Records from a data source:
++++++++++
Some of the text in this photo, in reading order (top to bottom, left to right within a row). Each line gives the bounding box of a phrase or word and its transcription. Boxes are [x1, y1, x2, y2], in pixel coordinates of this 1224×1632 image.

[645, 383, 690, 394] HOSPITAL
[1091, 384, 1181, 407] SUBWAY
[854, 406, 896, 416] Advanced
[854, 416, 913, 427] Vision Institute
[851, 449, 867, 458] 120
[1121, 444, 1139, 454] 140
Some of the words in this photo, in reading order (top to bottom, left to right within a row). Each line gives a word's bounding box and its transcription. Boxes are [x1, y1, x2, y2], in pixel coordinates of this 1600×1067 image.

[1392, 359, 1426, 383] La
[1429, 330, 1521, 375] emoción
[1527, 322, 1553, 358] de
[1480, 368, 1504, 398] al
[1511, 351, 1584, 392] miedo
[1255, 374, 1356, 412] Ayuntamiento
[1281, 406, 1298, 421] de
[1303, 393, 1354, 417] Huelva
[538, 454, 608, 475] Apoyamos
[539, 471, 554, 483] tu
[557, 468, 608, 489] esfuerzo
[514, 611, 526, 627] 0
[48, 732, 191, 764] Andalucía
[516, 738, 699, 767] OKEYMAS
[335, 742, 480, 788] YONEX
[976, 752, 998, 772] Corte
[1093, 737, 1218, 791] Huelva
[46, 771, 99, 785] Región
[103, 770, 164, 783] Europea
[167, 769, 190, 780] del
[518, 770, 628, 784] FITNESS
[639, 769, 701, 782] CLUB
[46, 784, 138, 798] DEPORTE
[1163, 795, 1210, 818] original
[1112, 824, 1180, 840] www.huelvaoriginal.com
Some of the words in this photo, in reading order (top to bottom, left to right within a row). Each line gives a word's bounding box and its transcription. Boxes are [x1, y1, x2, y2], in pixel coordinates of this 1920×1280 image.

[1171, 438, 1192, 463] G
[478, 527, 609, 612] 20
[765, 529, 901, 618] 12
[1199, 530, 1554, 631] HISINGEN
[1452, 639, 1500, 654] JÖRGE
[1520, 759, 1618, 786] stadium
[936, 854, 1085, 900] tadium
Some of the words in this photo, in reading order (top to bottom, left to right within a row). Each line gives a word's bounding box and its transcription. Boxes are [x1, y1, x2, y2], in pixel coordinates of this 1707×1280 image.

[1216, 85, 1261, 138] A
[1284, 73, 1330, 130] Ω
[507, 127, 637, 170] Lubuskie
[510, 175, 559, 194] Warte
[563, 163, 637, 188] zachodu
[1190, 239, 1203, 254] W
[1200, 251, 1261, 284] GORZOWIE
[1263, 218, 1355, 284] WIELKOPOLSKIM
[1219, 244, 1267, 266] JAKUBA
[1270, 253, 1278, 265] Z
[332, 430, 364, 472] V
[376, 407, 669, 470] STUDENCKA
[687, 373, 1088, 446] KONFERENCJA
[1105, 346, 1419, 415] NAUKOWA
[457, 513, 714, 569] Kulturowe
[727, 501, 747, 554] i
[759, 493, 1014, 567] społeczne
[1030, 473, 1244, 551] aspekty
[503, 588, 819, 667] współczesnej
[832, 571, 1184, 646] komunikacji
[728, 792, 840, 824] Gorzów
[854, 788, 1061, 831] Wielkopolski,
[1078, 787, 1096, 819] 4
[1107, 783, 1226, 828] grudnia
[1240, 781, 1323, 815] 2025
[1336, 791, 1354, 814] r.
++++++++++
Work order:
Restate the entries above. Match them exactly.

Worked solution:
Some of the text in this photo, in reading order (top to bottom, left to right within a row). Each line gives the bounding box of a phrase or word and its transcription. Boxes are [x1, y1, x2, y2], in pixel coordinates of this 1224×1632 image.

[645, 383, 690, 394] HOSPITAL
[1091, 384, 1181, 407] SUBWAY
[854, 406, 896, 416] Advanced
[854, 416, 913, 427] Vision Institute
[851, 449, 867, 458] 120
[1121, 444, 1139, 454] 140
Some of the words in this photo, in reading order (top to bottom, left to right within a row). Each line gives a word's bounding box and its transcription. Boxes are [x1, y1, x2, y2], in pixel coordinates of this 1600×1067 image.

[1392, 359, 1426, 383] La
[1429, 330, 1521, 375] emoción
[1527, 322, 1553, 358] de
[1480, 368, 1504, 398] al
[1511, 351, 1584, 392] miedo
[1255, 374, 1356, 412] Ayuntamiento
[1281, 406, 1298, 421] de
[1303, 393, 1354, 417] Huelva
[538, 454, 608, 475] Apoyamos
[539, 471, 554, 483] tu
[557, 468, 608, 489] esfuerzo
[514, 611, 526, 627] 0
[48, 732, 191, 764] Andalucía
[516, 738, 699, 767] OKEYMAS
[335, 742, 480, 788] YONEX
[976, 752, 998, 772] Corte
[1093, 737, 1218, 791] Huelva
[46, 771, 99, 785] Región
[103, 770, 164, 783] Europea
[167, 769, 190, 780] del
[518, 770, 628, 784] FITNESS
[639, 769, 701, 782] CLUB
[46, 784, 138, 798] DEPORTE
[1163, 795, 1210, 818] original
[1112, 824, 1180, 840] www.huelvaoriginal.com
Some of the words in this photo, in reading order (top to bottom, left to right within a row). Each line gives a word's bounding box and its transcription. Boxes are [x1, y1, x2, y2], in pixel coordinates of this 1920×1280 image.

[1171, 438, 1192, 463] G
[478, 527, 609, 612] 20
[765, 529, 901, 618] 12
[1199, 530, 1554, 631] HISINGEN
[1452, 639, 1500, 654] JÖRGE
[1520, 759, 1618, 786] stadium
[936, 854, 1085, 900] tadium
Some of the words in this photo, in reading order (top to bottom, left to right within a row). Each line gives a word's bounding box and its transcription. Boxes are [x1, y1, x2, y2], in pixel coordinates of this 1707×1280 image.

[1216, 85, 1261, 138] A
[1284, 73, 1330, 130] Ω
[507, 127, 637, 170] Lubuskie
[510, 175, 559, 194] Warte
[563, 163, 637, 188] zachodu
[1190, 239, 1203, 254] W
[1200, 251, 1261, 284] GORZOWIE
[1263, 218, 1355, 284] WIELKOPOLSKIM
[1219, 244, 1267, 266] JAKUBA
[1270, 253, 1278, 265] Z
[332, 430, 364, 472] V
[376, 407, 669, 470] STUDENCKA
[687, 373, 1088, 446] KONFERENCJA
[1105, 346, 1419, 415] NAUKOWA
[457, 513, 714, 569] Kulturowe
[727, 501, 747, 554] i
[759, 493, 1014, 567] społeczne
[1030, 473, 1244, 551] aspekty
[503, 588, 819, 667] współczesnej
[832, 571, 1184, 646] komunikacji
[728, 792, 840, 824] Gorzów
[854, 788, 1061, 831] Wielkopolski,
[1078, 787, 1096, 819] 4
[1107, 783, 1226, 828] grudnia
[1240, 781, 1323, 815] 2025
[1336, 791, 1354, 814] r.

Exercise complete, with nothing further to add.